What to work on> Each entry below is to be returned exactly, with any pictures left out.

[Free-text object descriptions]
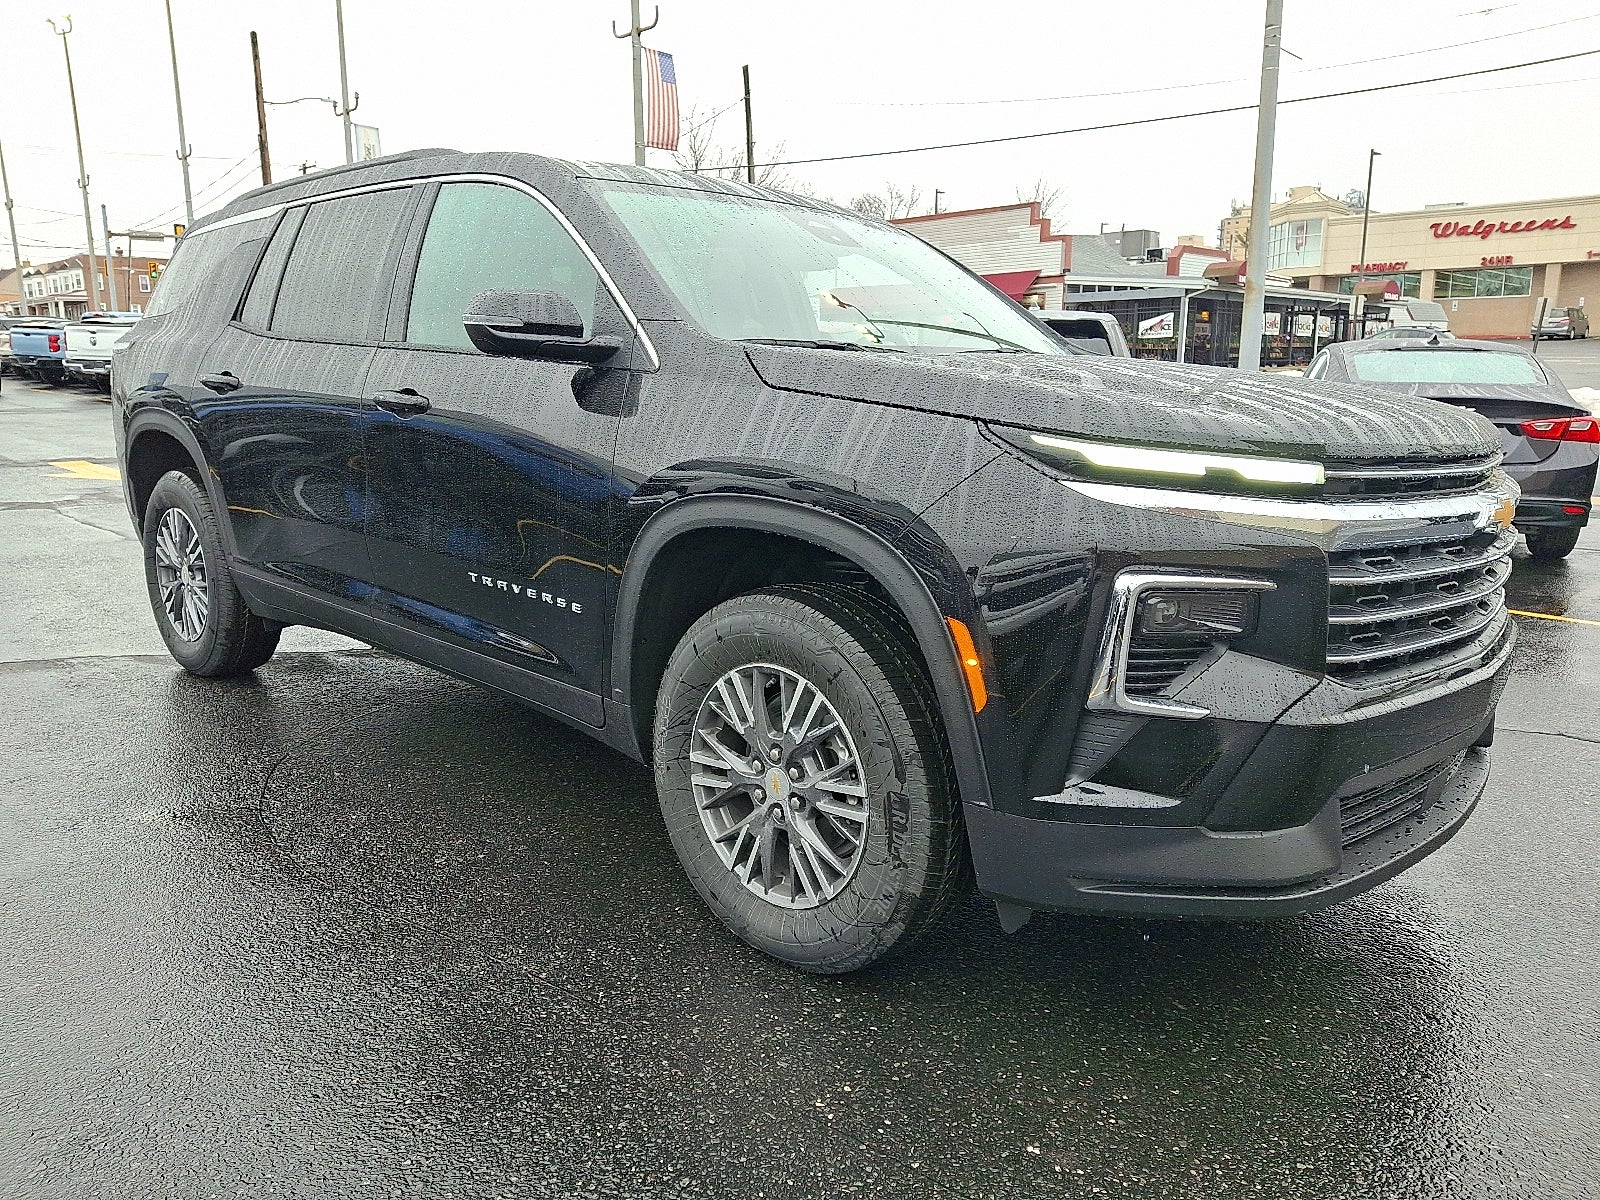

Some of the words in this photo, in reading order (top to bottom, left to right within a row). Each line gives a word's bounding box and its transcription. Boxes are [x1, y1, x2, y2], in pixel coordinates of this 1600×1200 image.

[1429, 215, 1577, 240] Walgreens
[1351, 261, 1408, 272] PHARMACY
[1481, 256, 1514, 266] 24HR
[467, 571, 583, 614] TRAVERSE
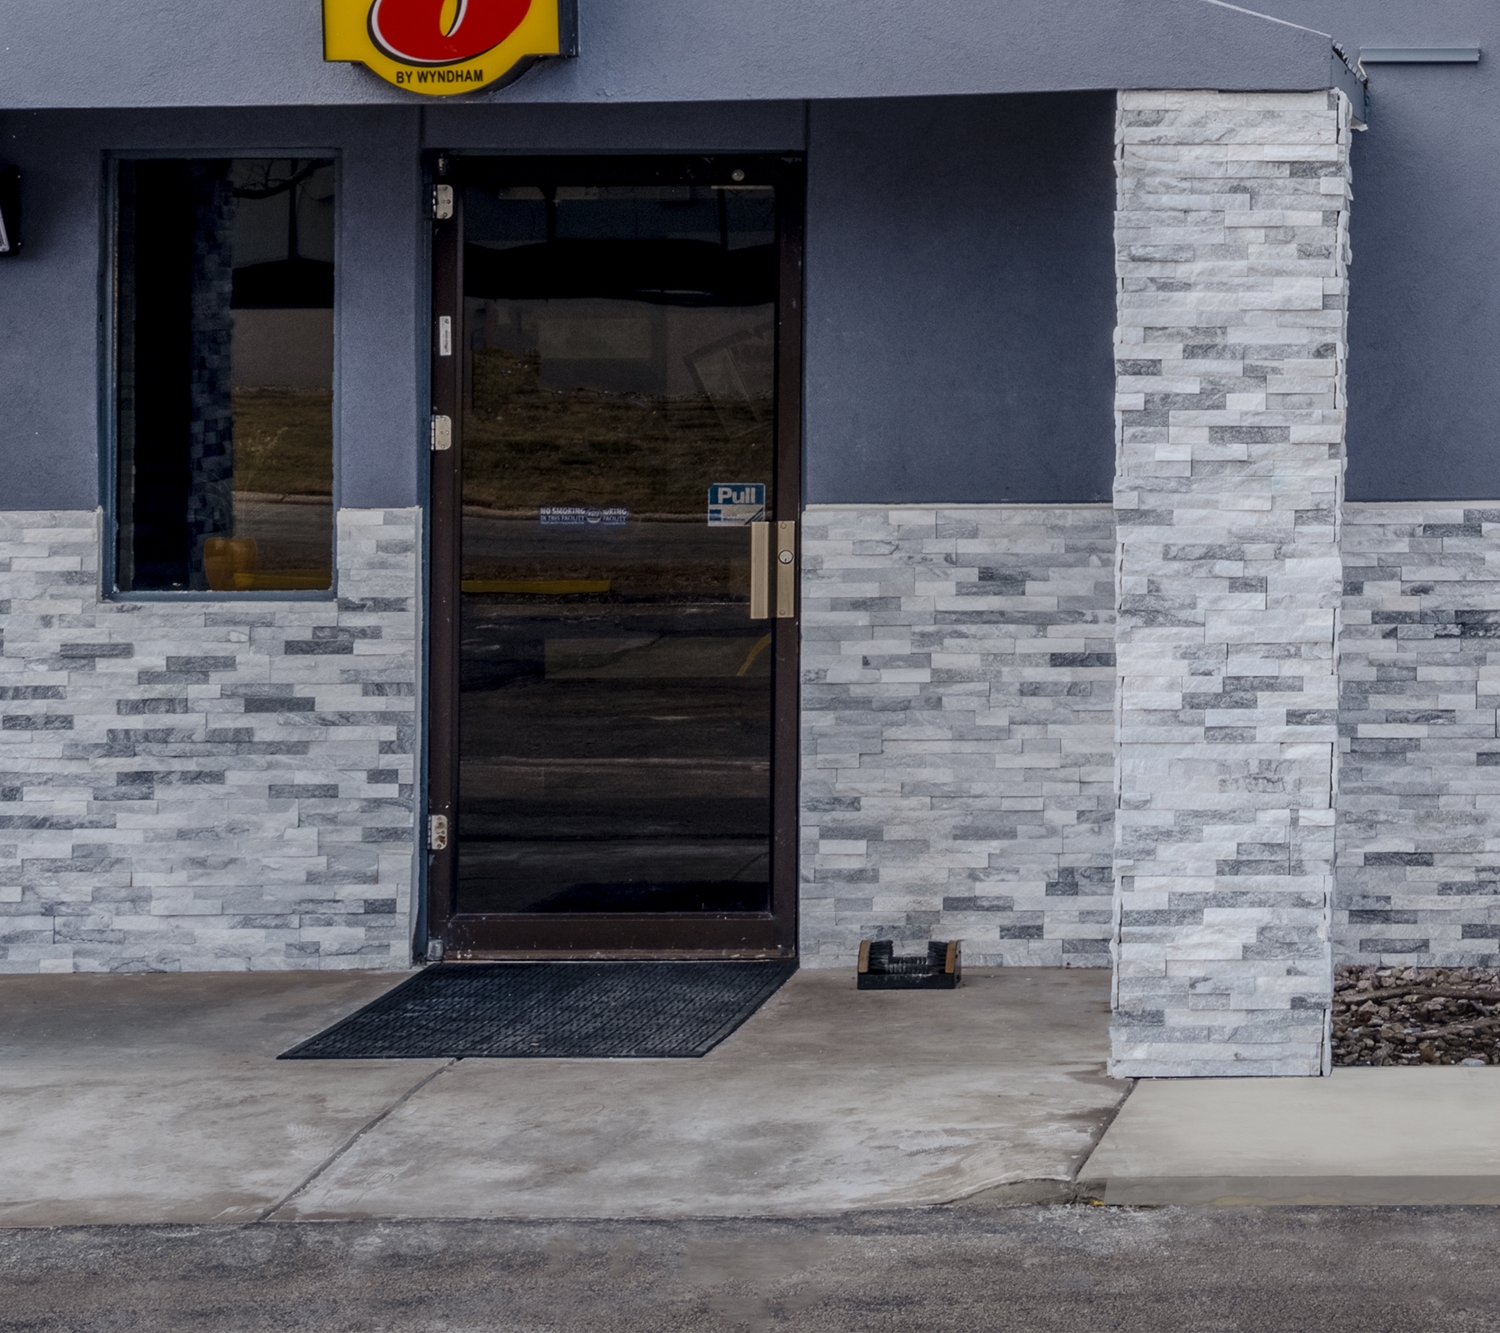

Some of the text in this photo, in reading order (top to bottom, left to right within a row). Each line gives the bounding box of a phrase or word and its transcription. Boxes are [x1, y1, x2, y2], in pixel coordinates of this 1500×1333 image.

Exercise answer>
Some of the words in this photo, in reading order (top to bottom, left to right within a row). Each line gives a word's bounding box and its transcription. Boxes are [x1, y1, x2, y2], in pixel coordinates of this 1600×1200 image.

[1429, 215, 1577, 240] Walgreens
[1351, 261, 1408, 272] PHARMACY
[1481, 256, 1514, 266] 24HR
[467, 571, 583, 614] TRAVERSE

Some of the text in this photo, in reading order (top to bottom, left to right within a row). Each line gives the bounding box of a phrase or word and its transcription. Boxes are [x1, y1, x2, y2], in pixel coordinates of this 1500×1333 image.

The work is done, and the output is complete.